+++ ENTRIES PROVIDED +++

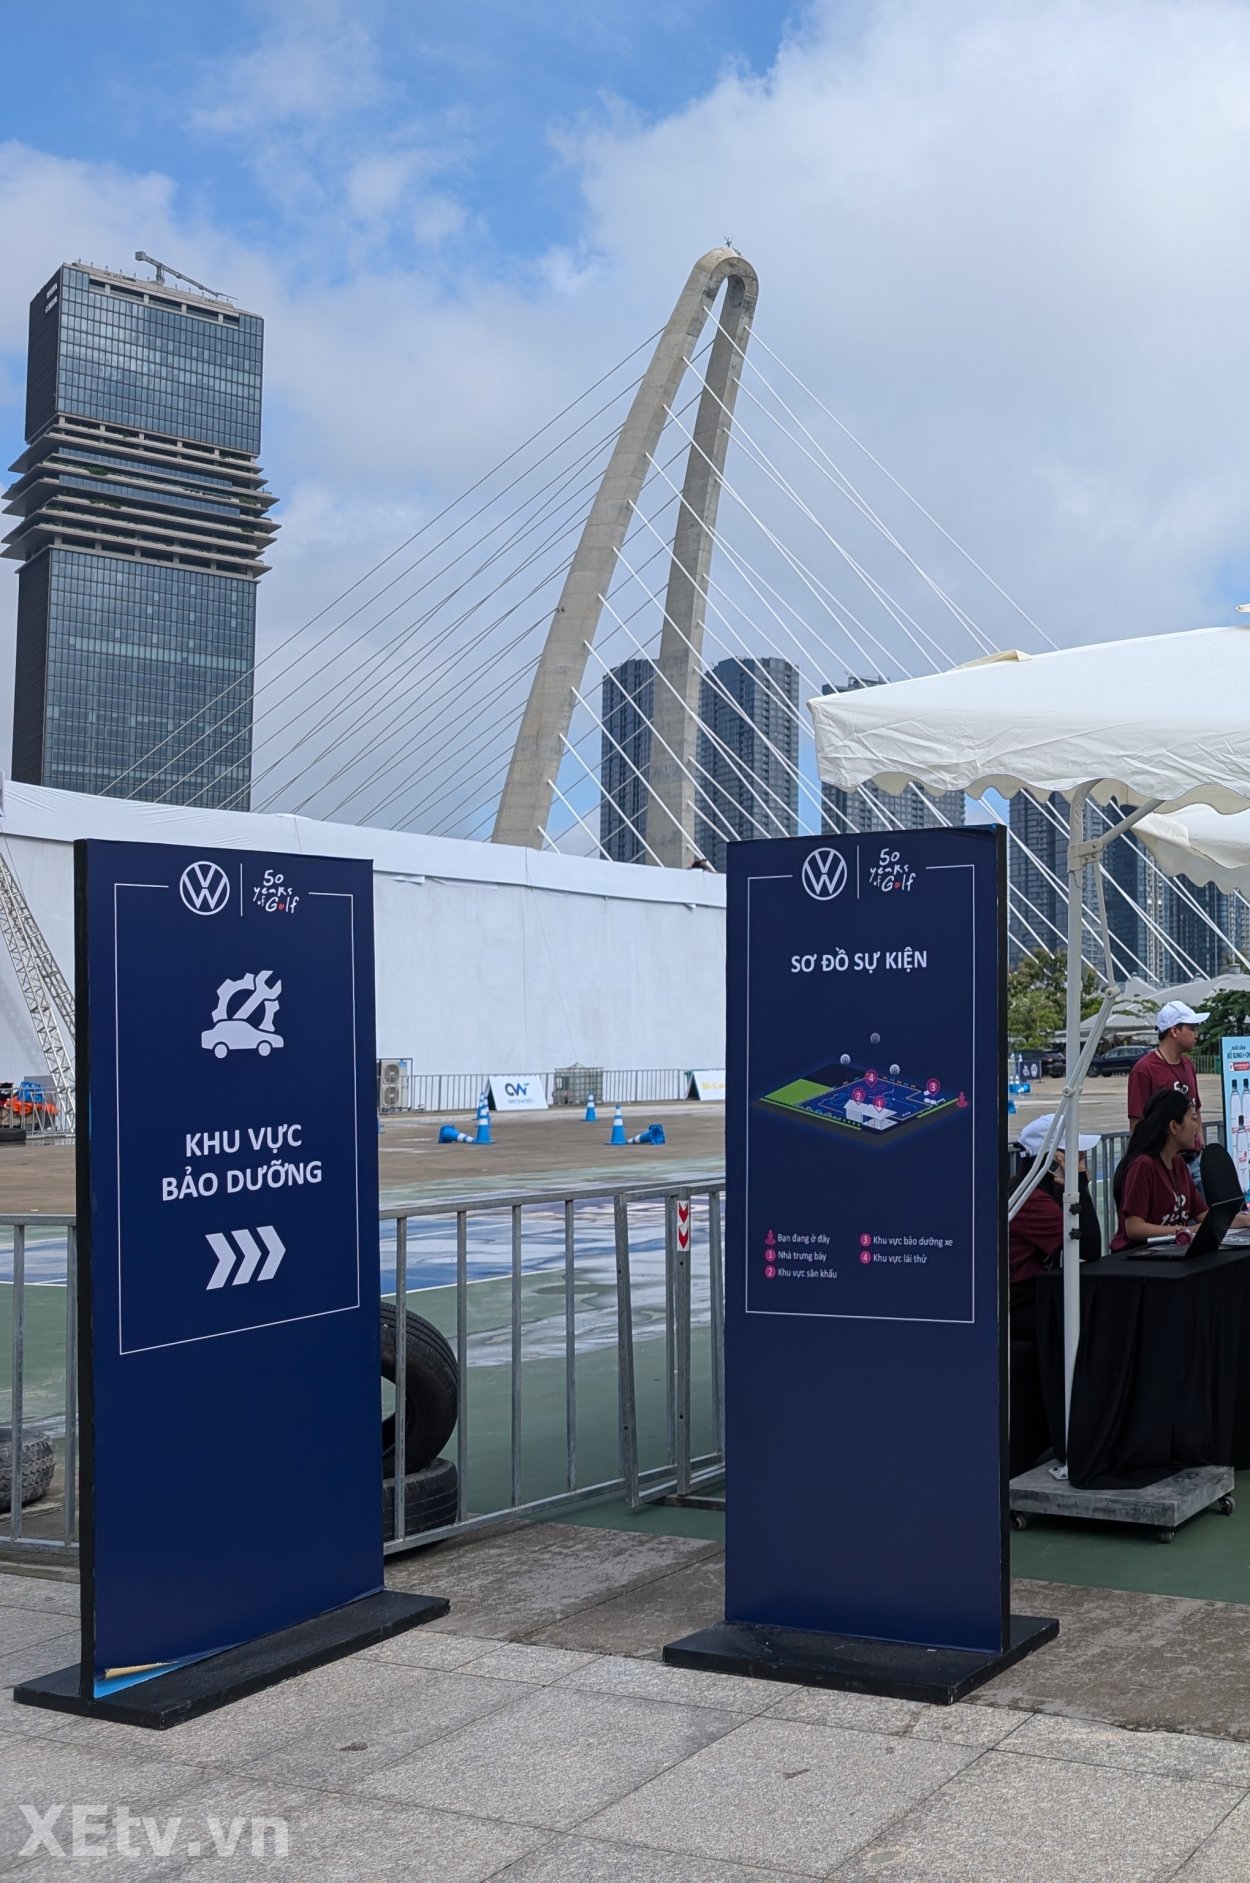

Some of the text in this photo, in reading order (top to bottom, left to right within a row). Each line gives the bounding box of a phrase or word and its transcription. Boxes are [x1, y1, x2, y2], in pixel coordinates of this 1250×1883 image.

[879, 848, 900, 866] 50
[263, 870, 284, 886] 50
[882, 872, 916, 892] Golf
[266, 896, 300, 914] Golf
[791, 947, 928, 974] SƠ ĐỒ SỰ KIỆN
[185, 1124, 302, 1157] KHU VỰC
[162, 1159, 322, 1201] BẢO DƯỠNG
[874, 1236, 887, 1244] Khu
[888, 1238, 902, 1246] vực
[904, 1236, 917, 1246] bảo
[778, 1250, 791, 1260] Nhà
[874, 1254, 887, 1262] Khu
[888, 1255, 902, 1264] vực
[778, 1268, 790, 1277] Khu
[792, 1270, 806, 1278] vực
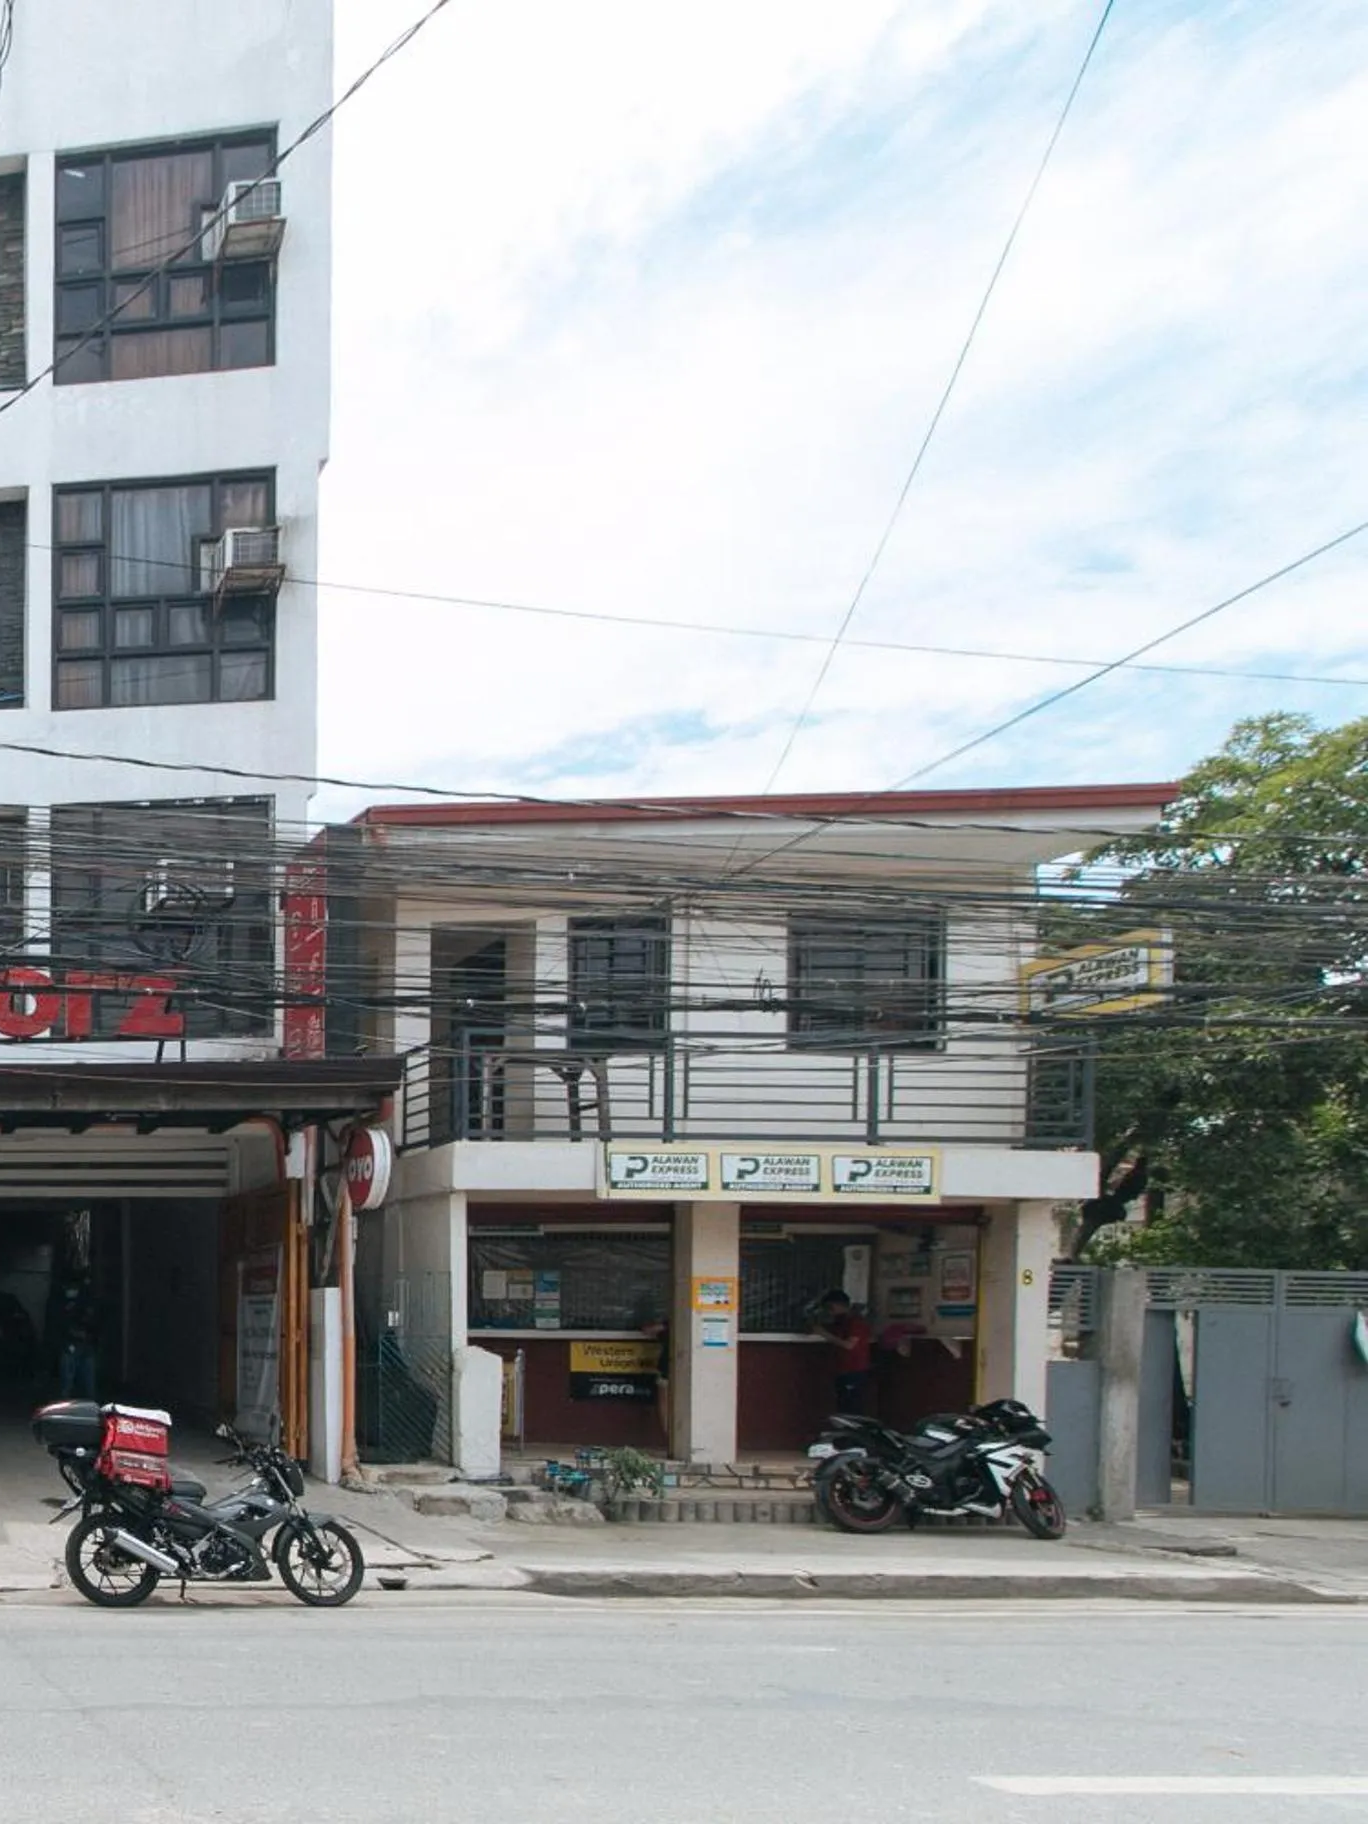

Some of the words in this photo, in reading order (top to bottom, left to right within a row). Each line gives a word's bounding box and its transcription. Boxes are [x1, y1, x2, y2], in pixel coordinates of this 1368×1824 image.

[348, 1154, 373, 1182] OYO
[650, 1165, 699, 1175] EXPRESS
[762, 1167, 811, 1176] EXPRESS
[874, 1169, 923, 1179] EXPRESS

+++

→ **EXERCISE**: Your job is to copy each entry exactly as written; the pictures do not go in.

→ **TASK OUTPUT**:
Some of the text in this photo, in reading order (top to bottom, left to right within a row). Each line gives the bounding box of a phrase or word and its transcription. Boxes are [x1, y1, x2, y2], in pixel coordinates of this 1250×1883 image.

[879, 848, 900, 866] 50
[263, 870, 284, 886] 50
[882, 872, 916, 892] Golf
[266, 896, 300, 914] Golf
[791, 947, 928, 974] SƠ ĐỒ SỰ KIỆN
[185, 1124, 302, 1157] KHU VỰC
[162, 1159, 322, 1201] BẢO DƯỠNG
[874, 1236, 887, 1244] Khu
[888, 1238, 902, 1246] vực
[904, 1236, 917, 1246] bảo
[778, 1250, 791, 1260] Nhà
[874, 1254, 887, 1262] Khu
[888, 1255, 902, 1264] vực
[778, 1268, 790, 1277] Khu
[792, 1270, 806, 1278] vực

Some of the words in this photo, in reading order (top to bottom, left to right within a row). Each line gives a word's bounding box and its transcription. Boxes are [x1, y1, x2, y2], in pixel coordinates of this 1368×1824 image.

[348, 1154, 373, 1182] OYO
[650, 1165, 699, 1175] EXPRESS
[762, 1167, 811, 1176] EXPRESS
[874, 1169, 923, 1179] EXPRESS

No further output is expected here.